Jul 16, 2009

surrogacy, ivf, hormones, and all the stuff they don't talk about

I was talking with a mom this week about the after affects of IVF. She used IVF to conceive her daughter, and two years later is still struggling with issues associated with it. I have the same problem. Talking with her was like having light bulb after light bulb go on. First of all, it's been TWO years, and nobody has talked to me about this? Strange. Secondly, if this is a common or "normal" after effect, why have I never heard about it from anyone? My research on any topic borders on obsessive. I read and read until I can't read anymore about everything. I don't recall ever reading anything about this beforehand. What I know is, something changed.

I went into the surrogacy with what I would call a hypersensitivity to hormone levels and changes to begin with. This was further supported by the fertility doctors inability to get an accurate handle on what my body was doing and how it was reacting to hormone treatments for three cycles before having the confidence to proceed with the embryo transfer. And of course the implantation was successful on the first attempt. So with that in mind, I already had somewhat of an awareness that I was particularly sensitive to hormone shifts.

The science involved to be a gestational surrogate are what can only be described as unnatural. I was taking one course of hormones to produce an optimal uterine lining for embryo implantation while simultaneously taking a course of hormones to stop ovulation.
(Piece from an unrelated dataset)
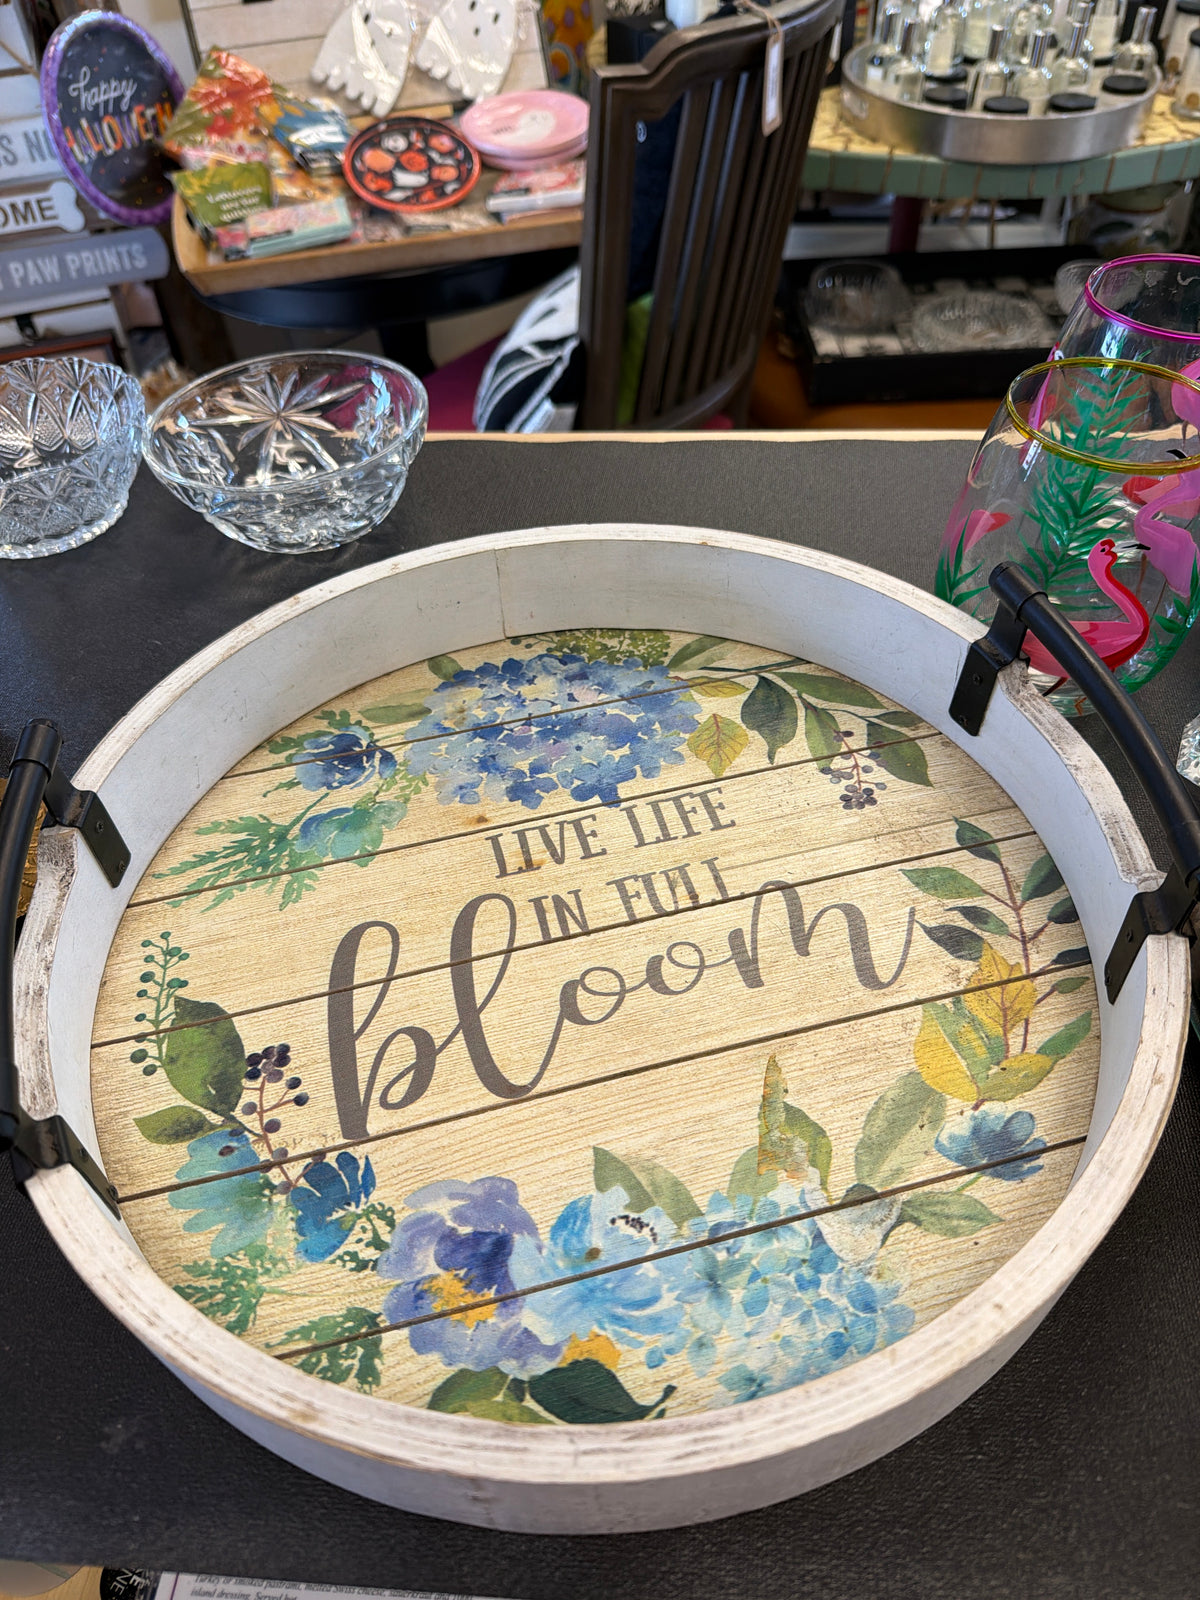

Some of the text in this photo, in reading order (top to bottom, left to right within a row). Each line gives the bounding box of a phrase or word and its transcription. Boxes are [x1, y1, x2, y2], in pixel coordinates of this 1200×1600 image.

It was putting my body out of sync with itself - working against itself if you will. How anyone discovered and perfected such a process is a miracle to me.
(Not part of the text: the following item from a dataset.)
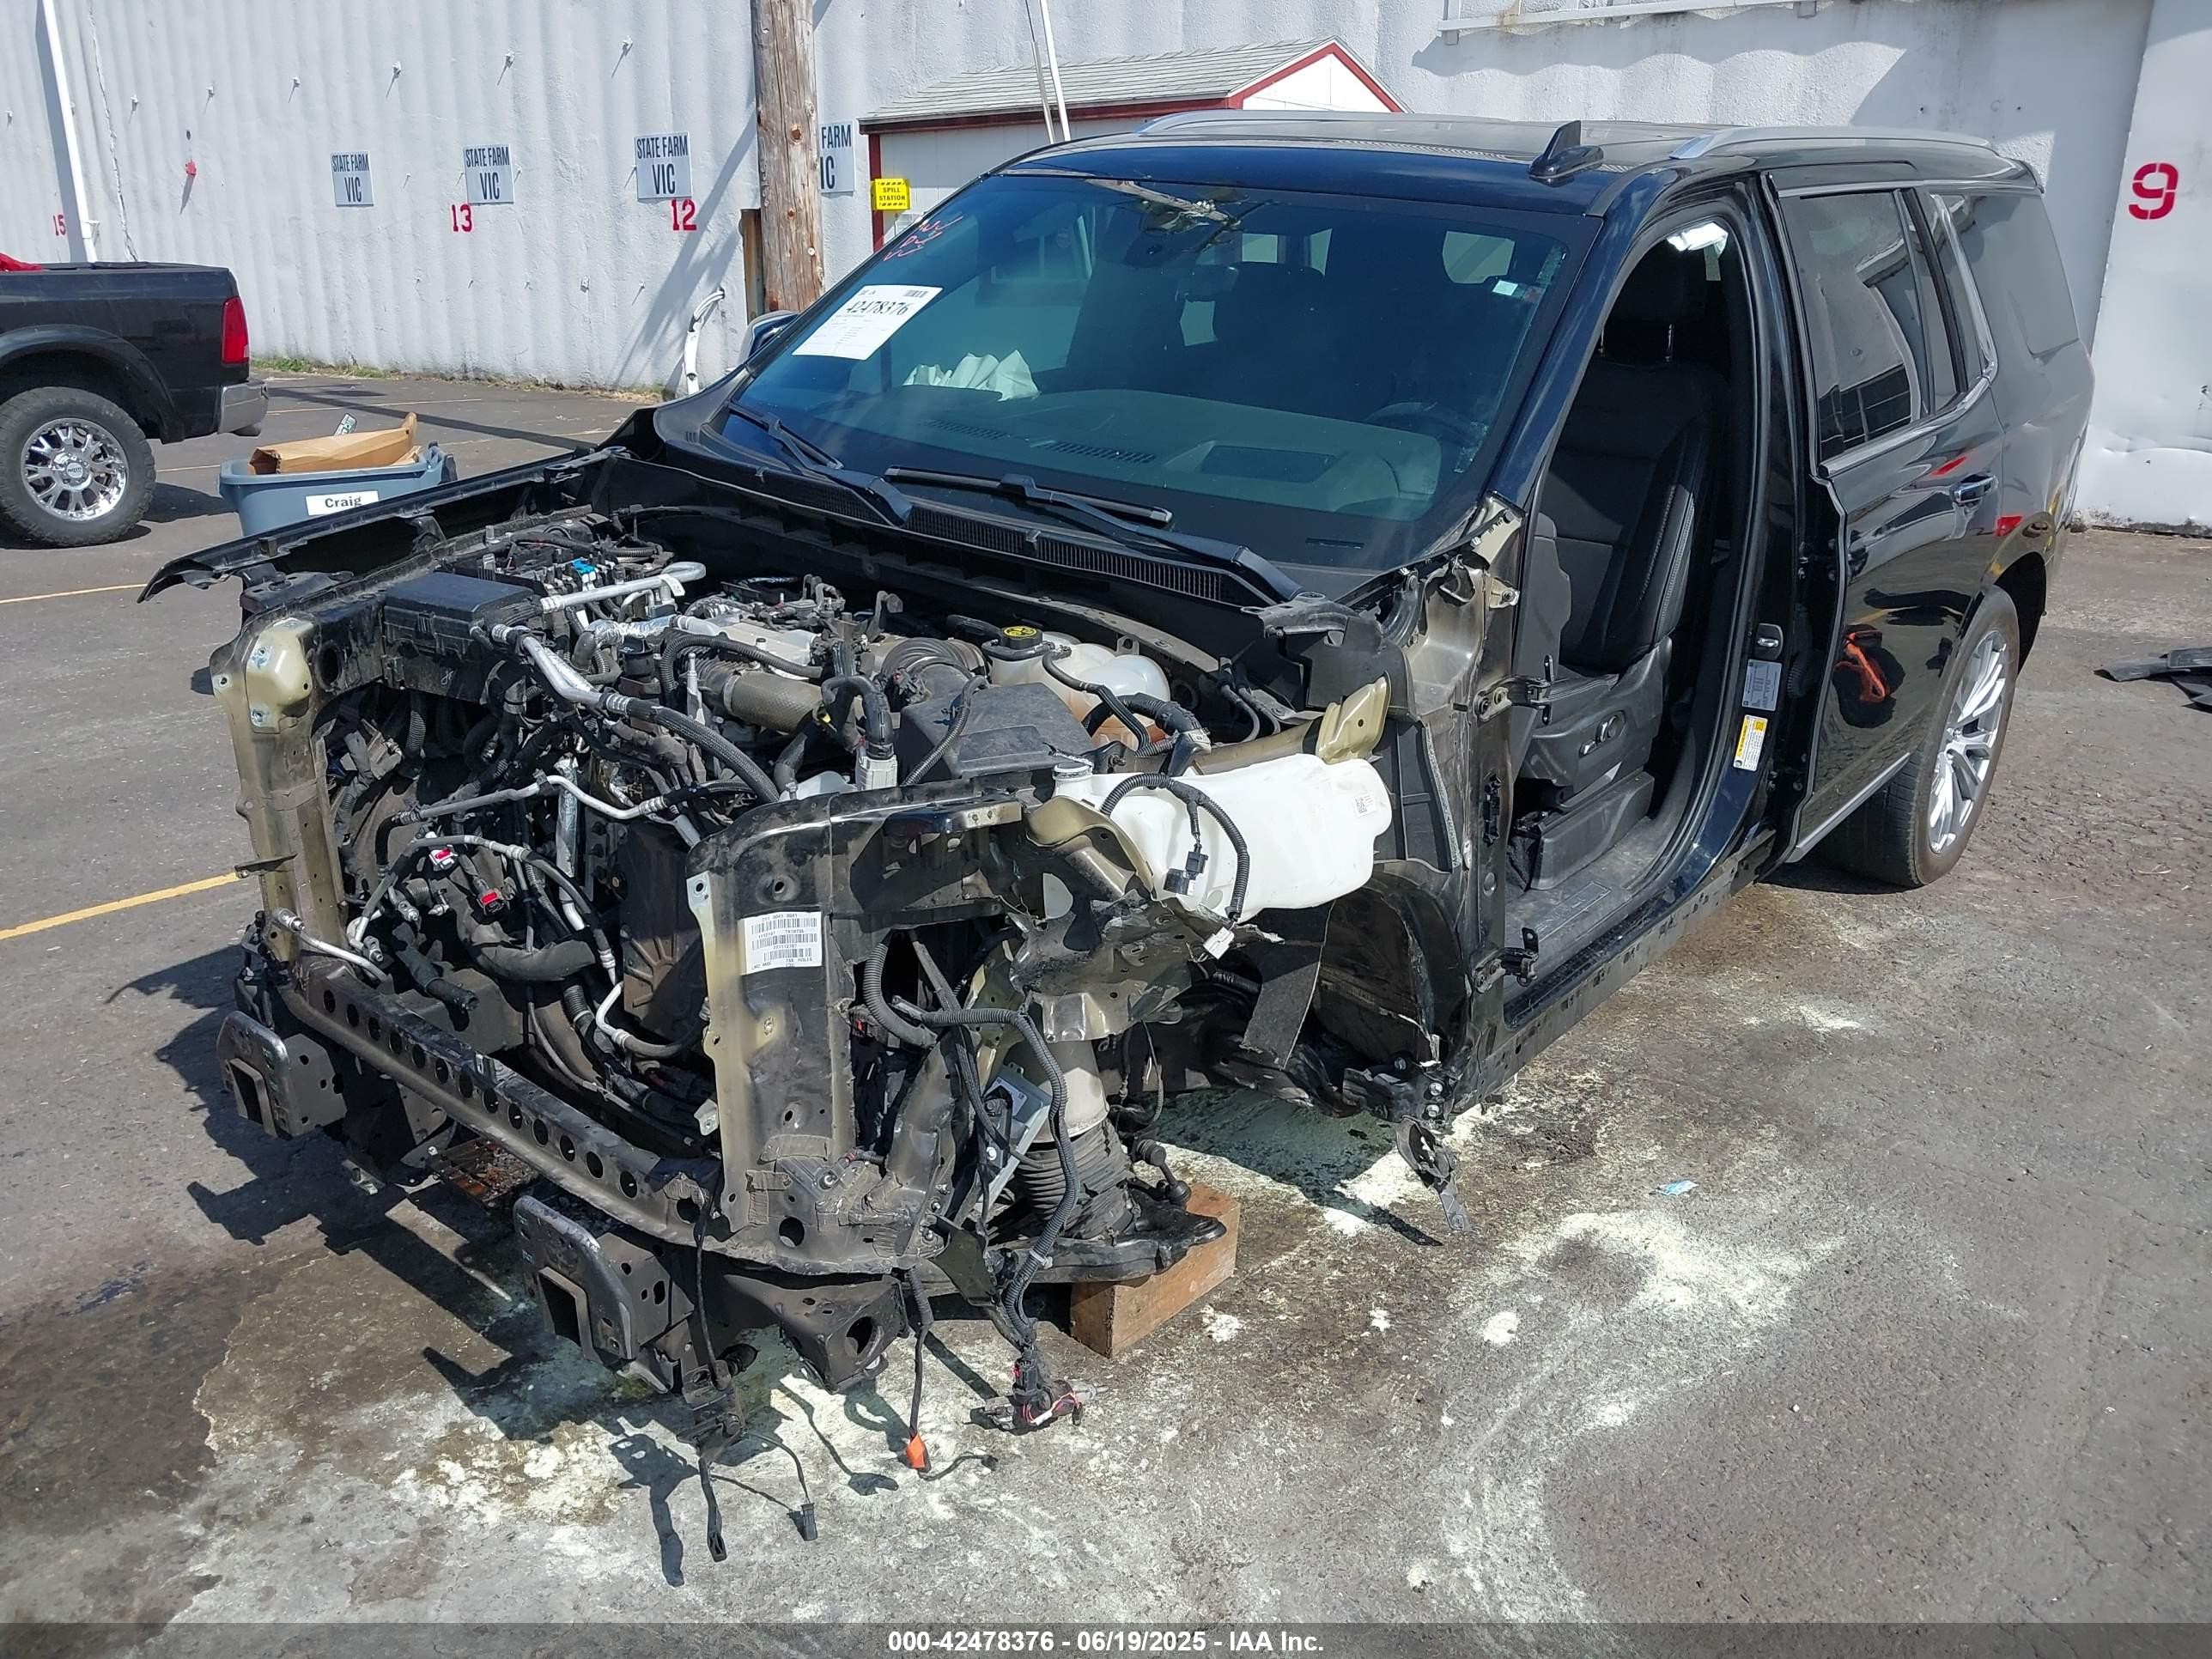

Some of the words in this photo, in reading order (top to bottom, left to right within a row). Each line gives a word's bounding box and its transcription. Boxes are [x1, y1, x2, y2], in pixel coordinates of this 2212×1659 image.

While having an understanding of this process going in, there was no discussion about what might happen after the fact. The pregnancy was normal. I was certainly sicker during the first trimester as I was still on hormone supplements during that time. Once I was off of them though, it was pretty typical. The labor and delivery was different than my first two, but I think that was independent of the fact that it was a surrogacy. Each delivery I have had has provided a chance to learn and improve. I would call this last one my most empowering and was such a wonderful accomplishment to me to do it without medical intervention. So much so I think that I would be thankful to do it again.
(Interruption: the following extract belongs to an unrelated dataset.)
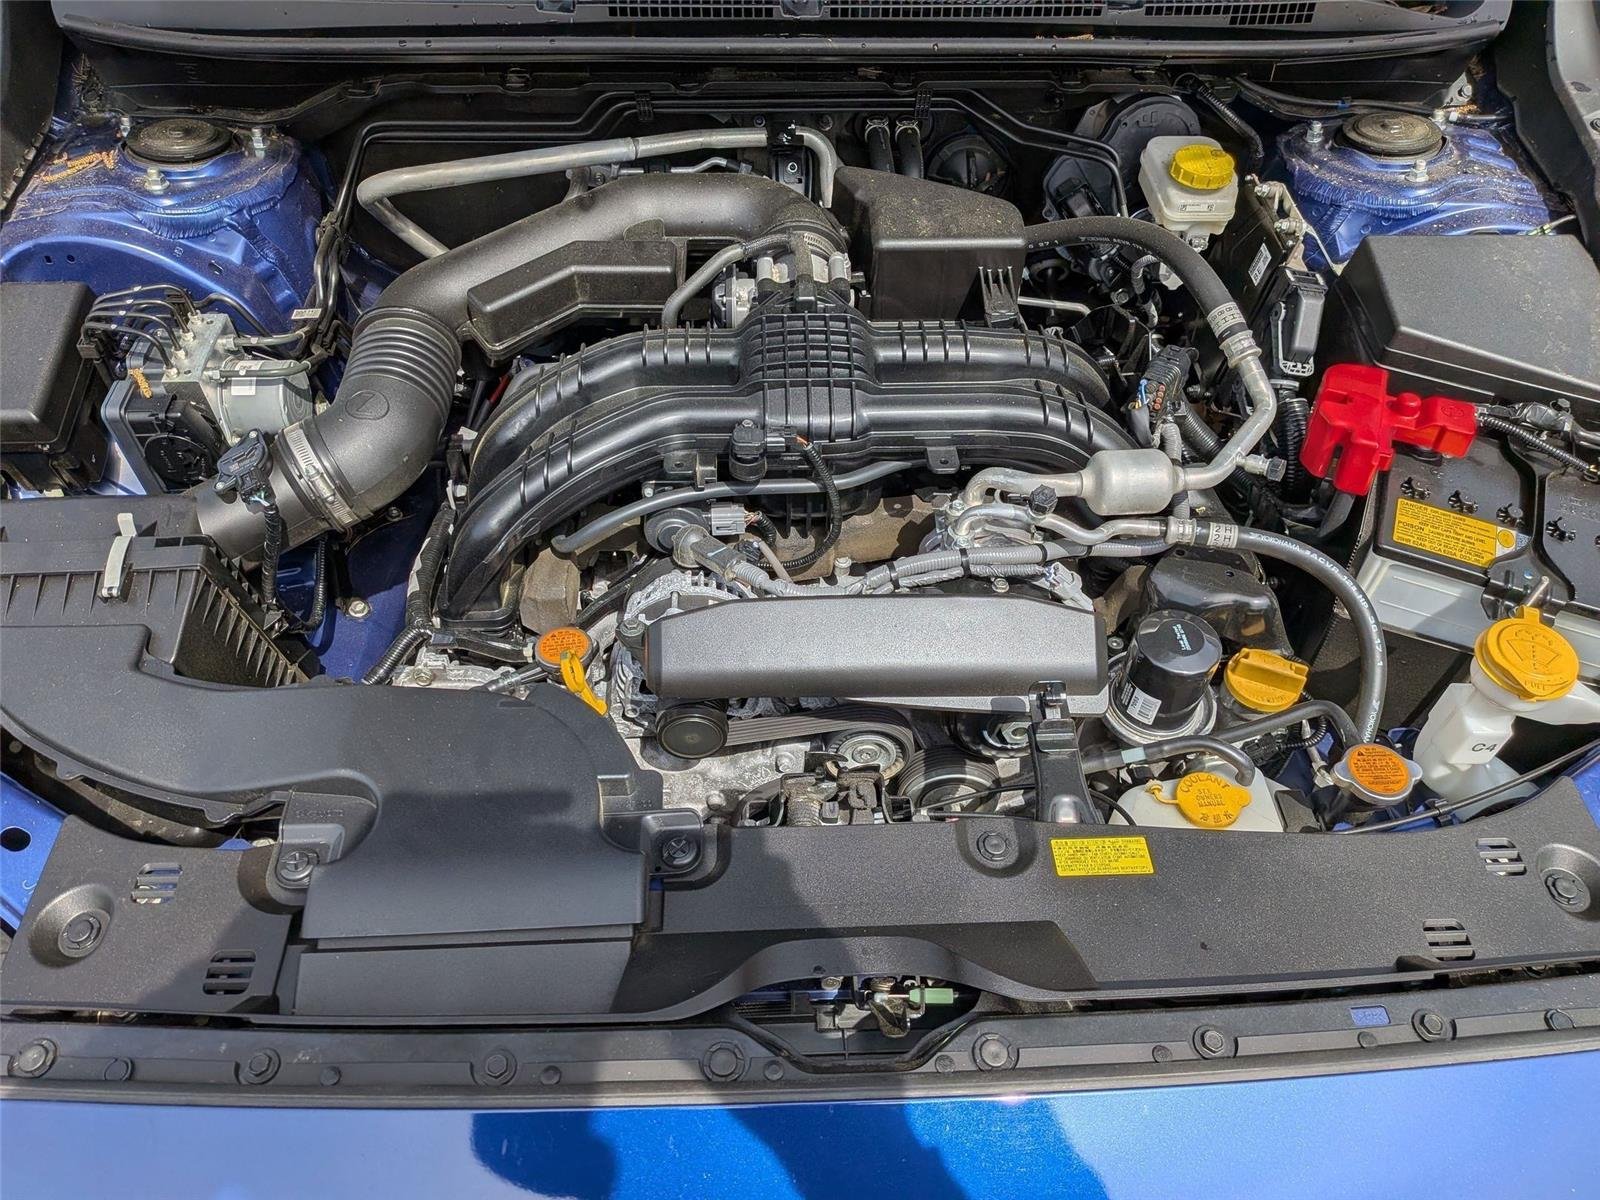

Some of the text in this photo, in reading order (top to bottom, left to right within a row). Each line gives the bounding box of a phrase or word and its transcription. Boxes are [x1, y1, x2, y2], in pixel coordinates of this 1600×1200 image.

The postpartum period was horrific - due to several contributing factors. It wasn't until speaking with a friend who had experienced a late term miscarriage vocalized it for me that I understood some of what I was feeling. She reminded me that my body was reacting like I was caring for a new baby, but was not. I was tired mentally and physically, and my milk coming in was distressing in a way I cannot describe. I did not sleep at night, didn't eat. The things that distract one from a typical PPD were not there - forcing yourself to care for the baby, entertain visitors, preparing a nursery, etc. I was left with my postpartum body and my thoughts. I got over it by returning to work, healing, spending time with friends, therapy, medication.

Two years later though the hormonal changes are still there. Every pregnancy leaves its mark, there are always changes. This time I feel like my hormones are simply out of balance. I can't change from one environment to the other - hot to cold, inside to outside, high humidity to low - and I start sweating uncontrollably. My skin is sooooo dry. My hair has changed texture. I CANNOT lose weight. I am frequently tired and worn out. I am NOT depressed. I have been depressed, and this is not it.

Expressing these concerns with my doctors has resulted in testing with results of "normal." I may have NEVER been normal, but I am quite certain that THIS isn't it. I would put some effort into pursuing an endocrinologist, but just can't work the effort into this venture yet.

I can't imagine that I am not alone in what has happened to me, and discussing it this week with the other mom only confirmed that. I am not sure what the next step will be. If this family honors me with the opportunity to surrogate for them again, I would know better what to expect. There are so many reasons that an experienced surrogate is better than a first timer, although I had no idea of this going in. We'll have to see what happens.

I haven't had the opportunity to be as involved as I would like in their lives since they had the baby. This is the function of many things. It's ok, and probably for the best I suppose. It is not exactly as I might have imagined that though. We are at the age that the divide between those of us with older children, those of us with babies and toddlers, and those of us with no children at all becomes more obvious. I've been on all sides of it, and can understand.

Because of our intersecting circles, most of our friends don't really talk about it in terms of the surrogacy, only in regards to the baby. This is the way it should be for them I think. For me though, it helps to talk about things. I have a decreasingly small group of people who listen and talk with me and work through the real stuff. I like to talk about it though. It is not upsetting to me. Even if some of this stuff sounds negative or bad, it's really not. They are just the reality of what happens. And people should know. Maybe someone new doing this will google the right terms and come up with the post and know a little more what to expect. I welcome comments and questions, and any discussion that follows.